*The task:* If an entry holds a picture, leave the picture out and output everything else exactly.
-------- Exercise input --------
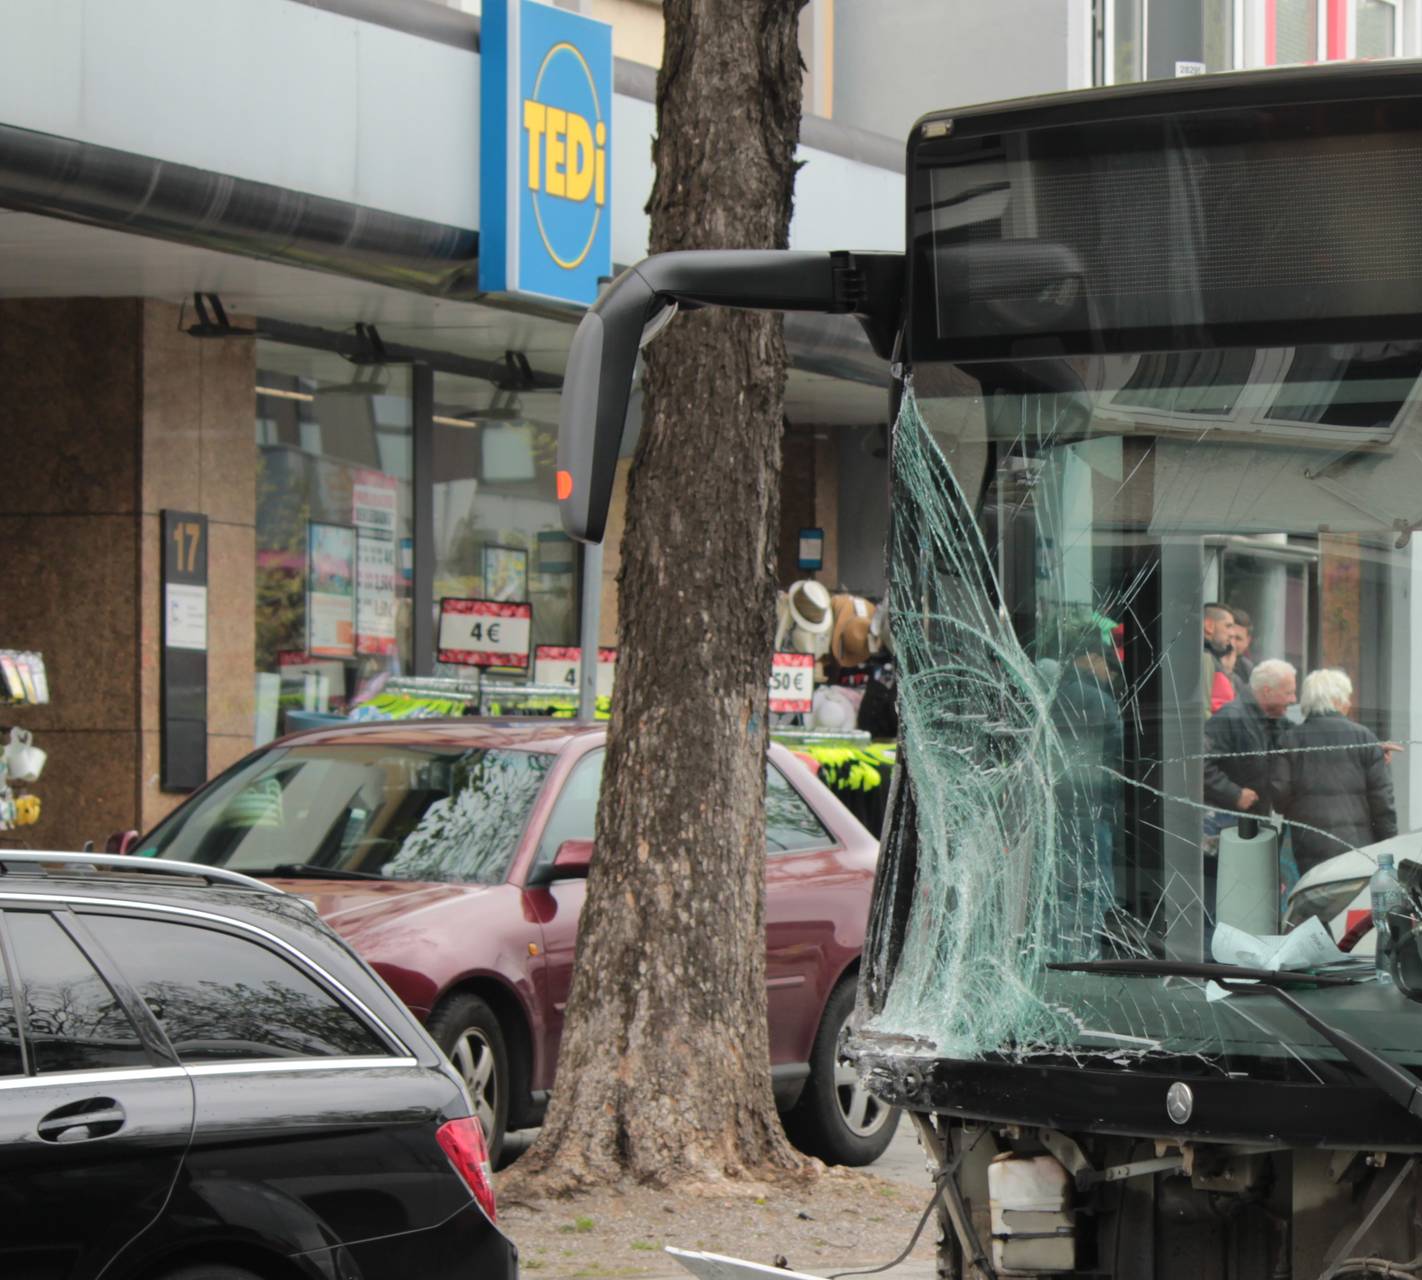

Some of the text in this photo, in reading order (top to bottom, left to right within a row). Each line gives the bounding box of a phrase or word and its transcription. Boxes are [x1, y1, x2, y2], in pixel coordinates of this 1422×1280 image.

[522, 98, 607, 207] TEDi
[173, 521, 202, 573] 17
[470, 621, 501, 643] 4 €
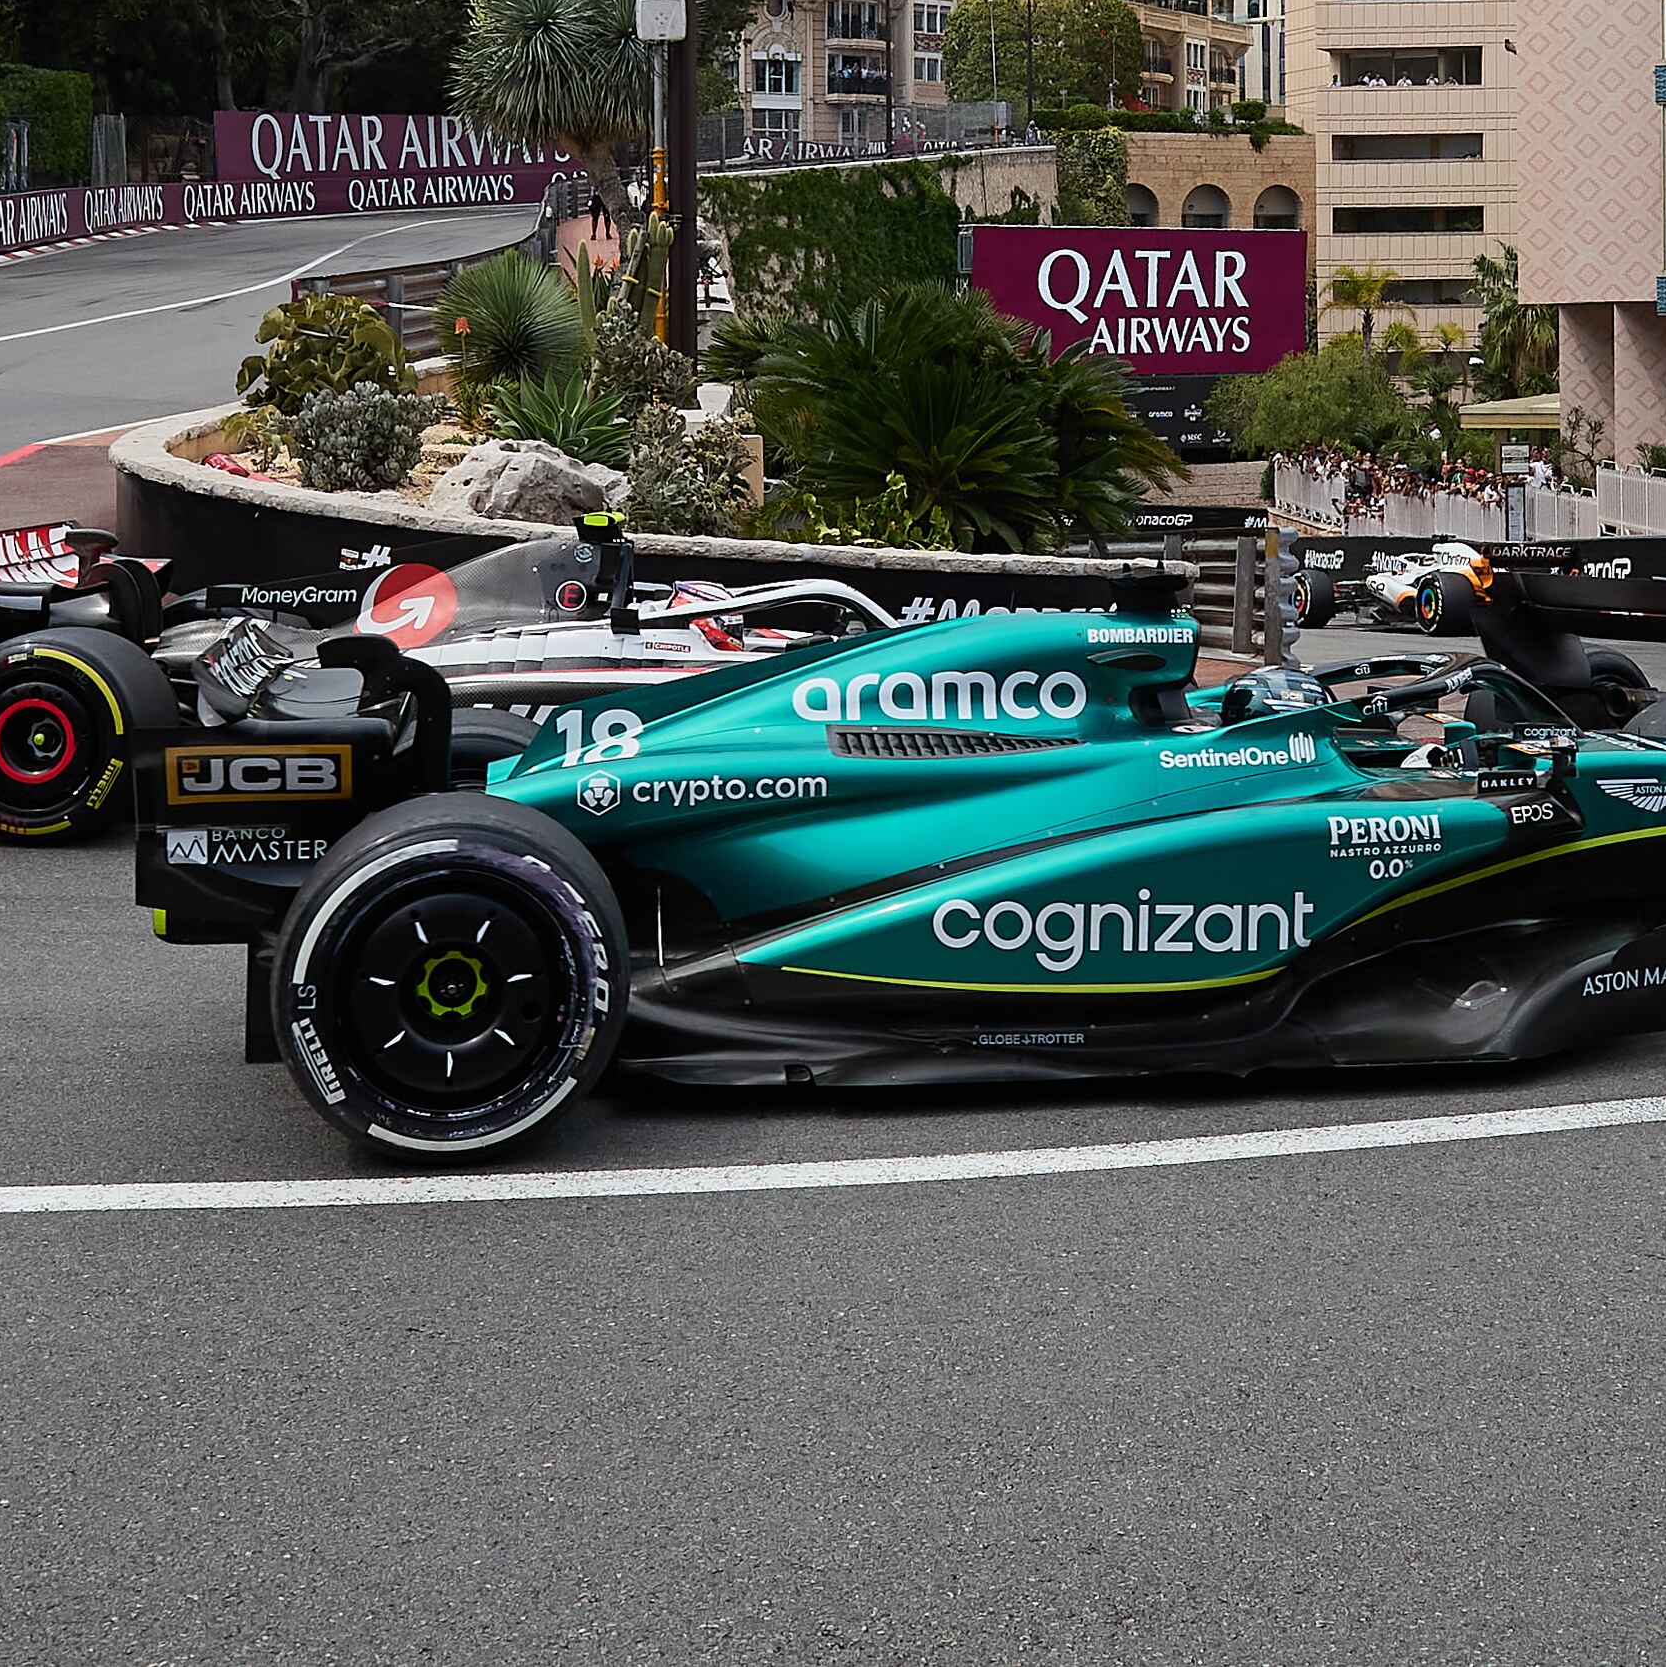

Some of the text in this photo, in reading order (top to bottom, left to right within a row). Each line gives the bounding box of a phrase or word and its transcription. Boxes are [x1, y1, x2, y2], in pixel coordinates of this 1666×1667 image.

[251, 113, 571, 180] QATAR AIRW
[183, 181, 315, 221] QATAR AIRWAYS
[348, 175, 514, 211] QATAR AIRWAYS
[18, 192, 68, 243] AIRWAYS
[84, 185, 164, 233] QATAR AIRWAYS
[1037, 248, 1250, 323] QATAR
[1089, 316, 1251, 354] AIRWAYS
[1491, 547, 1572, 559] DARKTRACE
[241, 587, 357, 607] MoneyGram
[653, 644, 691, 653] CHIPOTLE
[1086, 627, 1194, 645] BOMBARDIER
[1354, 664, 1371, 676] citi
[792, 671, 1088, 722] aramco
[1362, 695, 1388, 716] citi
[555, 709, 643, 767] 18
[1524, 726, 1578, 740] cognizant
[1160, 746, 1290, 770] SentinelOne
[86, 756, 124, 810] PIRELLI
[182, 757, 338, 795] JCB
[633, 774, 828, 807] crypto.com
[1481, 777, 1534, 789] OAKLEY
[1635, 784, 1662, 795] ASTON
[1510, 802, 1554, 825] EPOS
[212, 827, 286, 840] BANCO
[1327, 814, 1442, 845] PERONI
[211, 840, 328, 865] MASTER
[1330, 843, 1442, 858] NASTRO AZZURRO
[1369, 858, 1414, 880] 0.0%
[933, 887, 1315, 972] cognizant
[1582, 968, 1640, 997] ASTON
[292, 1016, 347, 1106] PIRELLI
--------
*Task solution:*
Some of the text in this photo, in reading order (top to bottom, left to right within a row). Each line gives the bounding box of a phrase or word and its transcription. Boxes are [x1, y1, x2, y2], in pixel coordinates of this 1422×1280 image.

[522, 98, 607, 207] TEDi
[173, 521, 202, 573] 17
[470, 621, 501, 643] 4 €

Some of the text in this photo, in reading order (top to bottom, left to right within a row). Each line gives the bounding box of a phrase or word and its transcription. Boxes are [x1, y1, x2, y2], in pixel coordinates of this 1666×1667 image.

[251, 113, 571, 180] QATAR AIRW
[183, 181, 315, 221] QATAR AIRWAYS
[348, 175, 514, 211] QATAR AIRWAYS
[18, 192, 68, 243] AIRWAYS
[84, 185, 164, 233] QATAR AIRWAYS
[1037, 248, 1250, 323] QATAR
[1089, 316, 1251, 354] AIRWAYS
[1491, 547, 1572, 559] DARKTRACE
[241, 587, 357, 607] MoneyGram
[653, 644, 691, 653] CHIPOTLE
[1086, 627, 1194, 645] BOMBARDIER
[1354, 664, 1371, 676] citi
[792, 671, 1088, 722] aramco
[1362, 695, 1388, 716] citi
[555, 709, 643, 767] 18
[1524, 726, 1578, 740] cognizant
[1160, 746, 1290, 770] SentinelOne
[86, 756, 124, 810] PIRELLI
[182, 757, 338, 795] JCB
[633, 774, 828, 807] crypto.com
[1481, 777, 1534, 789] OAKLEY
[1635, 784, 1662, 795] ASTON
[1510, 802, 1554, 825] EPOS
[212, 827, 286, 840] BANCO
[1327, 814, 1442, 845] PERONI
[211, 840, 328, 865] MASTER
[1330, 843, 1442, 858] NASTRO AZZURRO
[1369, 858, 1414, 880] 0.0%
[933, 887, 1315, 972] cognizant
[1582, 968, 1640, 997] ASTON
[292, 1016, 347, 1106] PIRELLI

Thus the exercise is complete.